→ **THE DATA**:
****

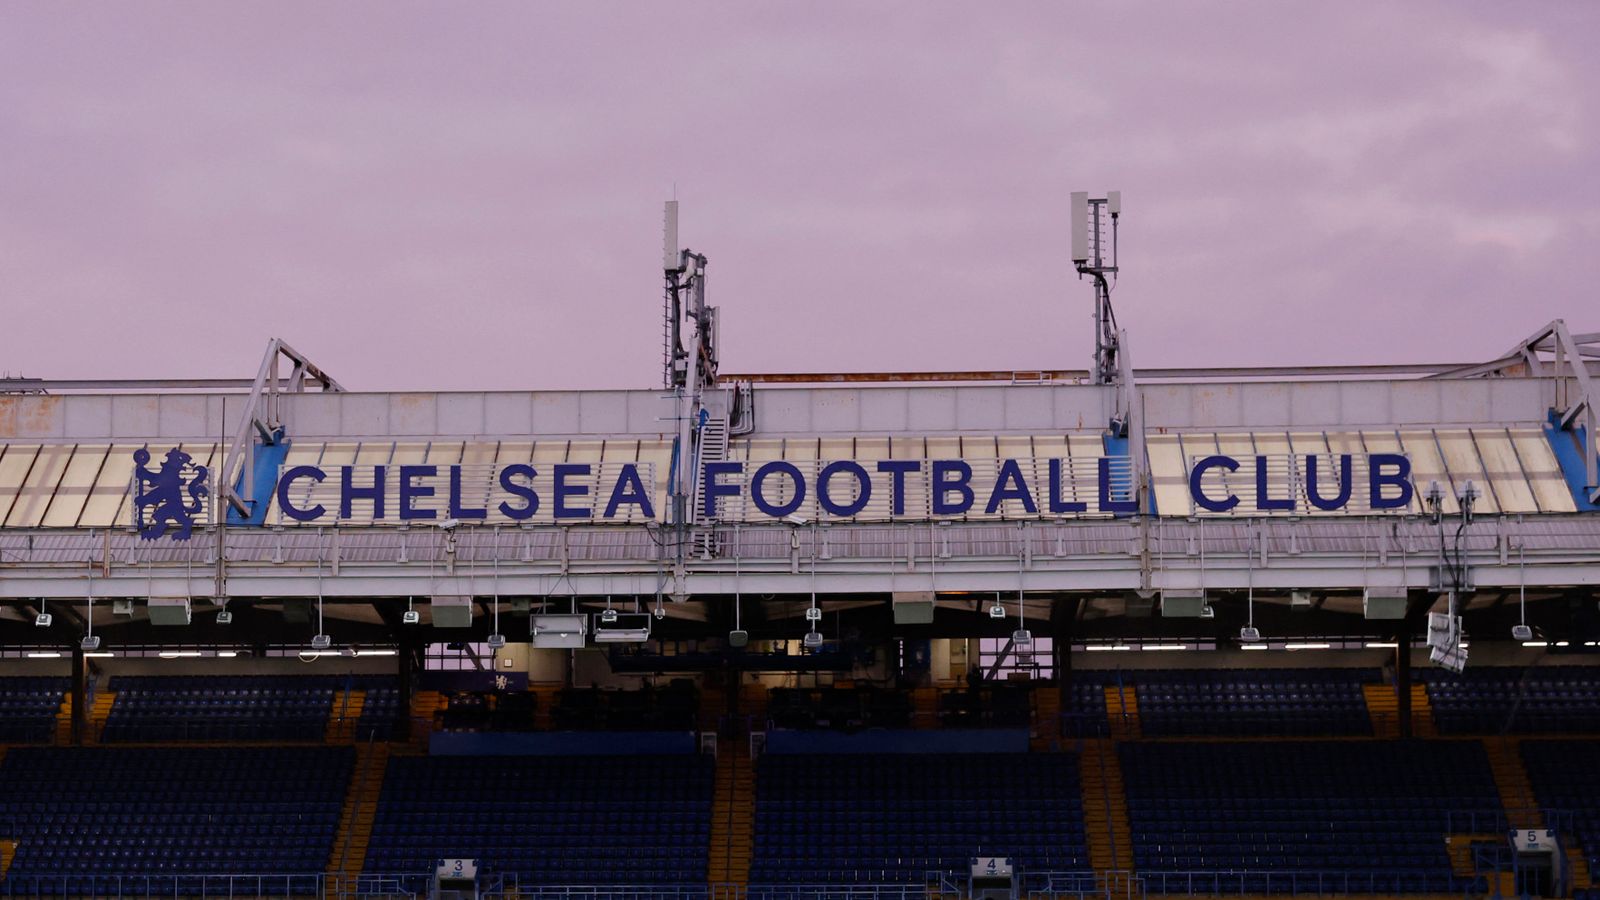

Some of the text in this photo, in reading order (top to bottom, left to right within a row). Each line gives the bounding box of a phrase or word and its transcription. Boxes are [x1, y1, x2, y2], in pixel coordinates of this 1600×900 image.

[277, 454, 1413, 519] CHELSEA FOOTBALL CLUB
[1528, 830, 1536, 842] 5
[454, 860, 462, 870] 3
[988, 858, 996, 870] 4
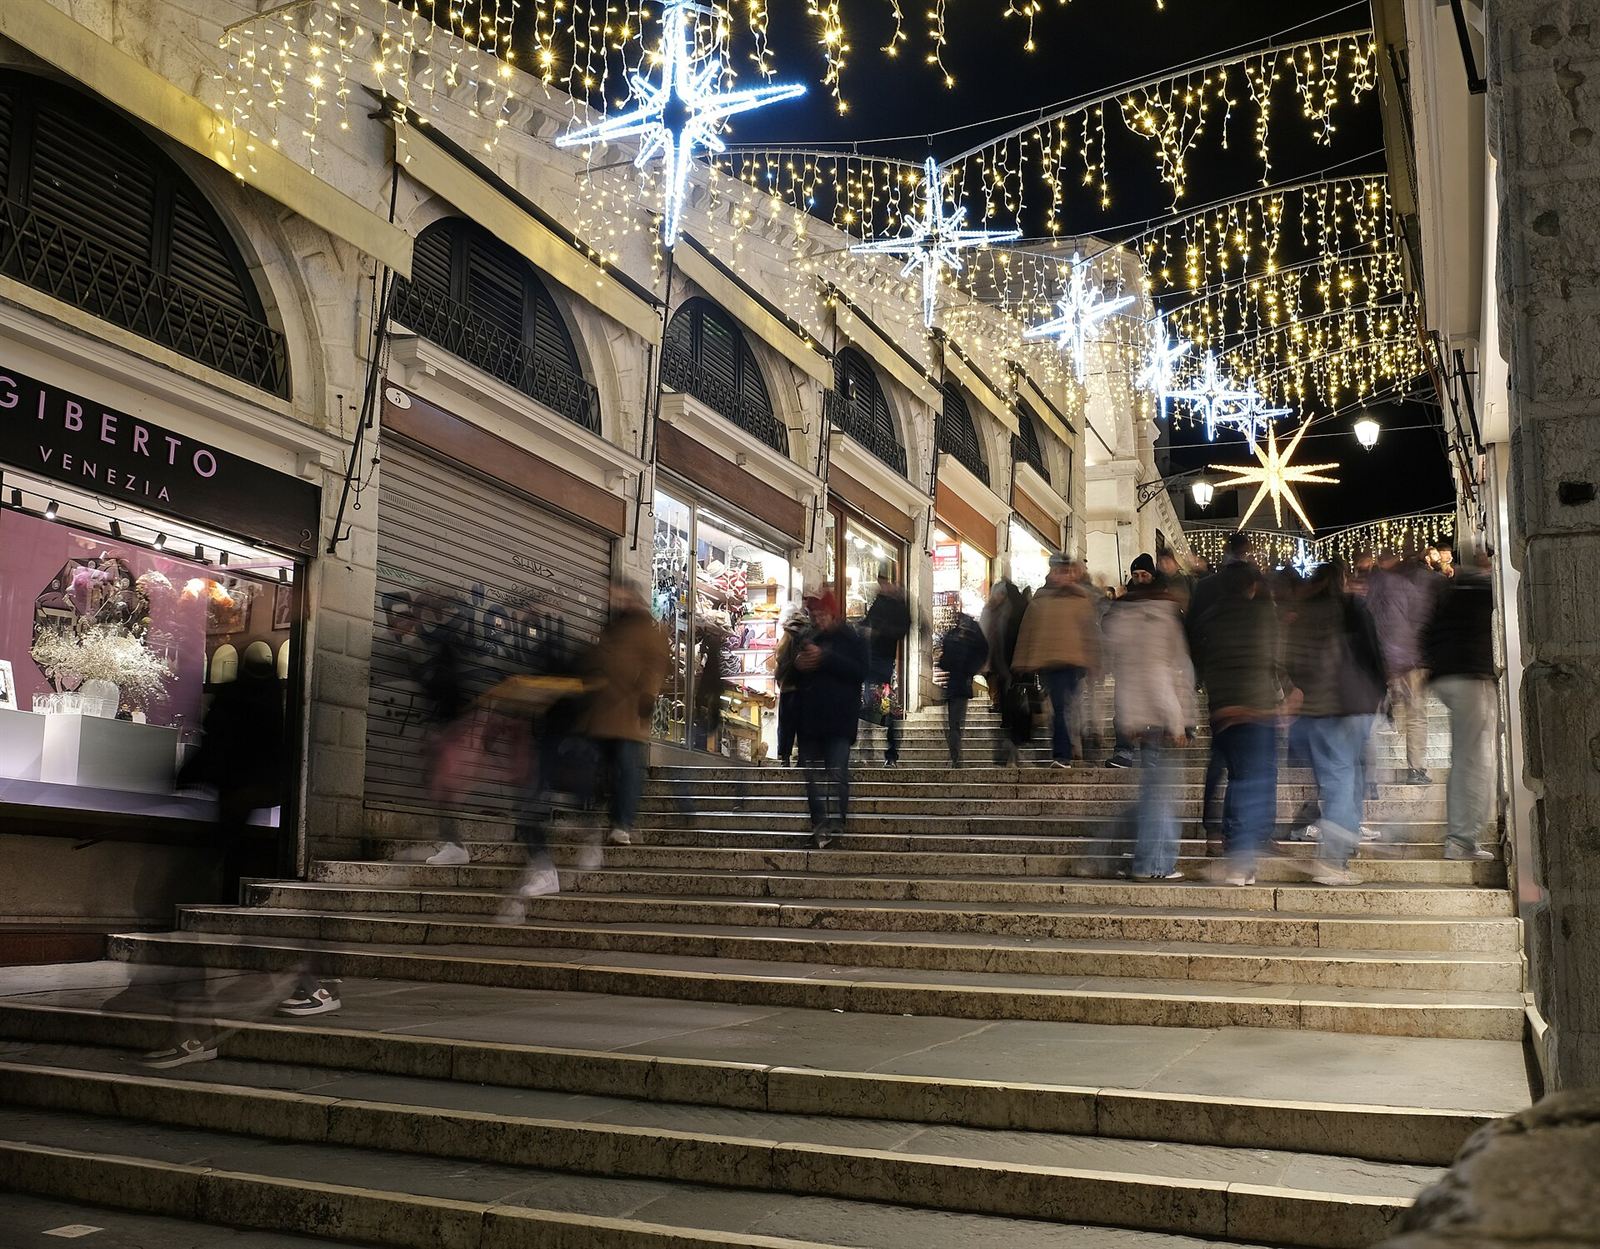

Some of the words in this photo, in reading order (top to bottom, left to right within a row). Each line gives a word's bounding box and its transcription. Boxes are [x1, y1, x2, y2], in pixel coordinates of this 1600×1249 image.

****

Reproduce the data above without a single change, please, but without its pictures.

Some of the text in this photo, in reading order (top to bottom, left to right within a row). Each line gives the bounding box of a phrase or word and its transcription. Boxes are [x1, y1, x2, y2], in pixel coordinates of this 1600×900 image.

[277, 454, 1413, 519] CHELSEA FOOTBALL CLUB
[1528, 830, 1536, 842] 5
[454, 860, 462, 870] 3
[988, 858, 996, 870] 4

Some of the words in this photo, in reading order (top to bottom, left to right within a row). Each line gives a word's bounding box and its transcription. Boxes are [x1, y1, x2, y2], in pixel coordinates of this 1600×1249 image.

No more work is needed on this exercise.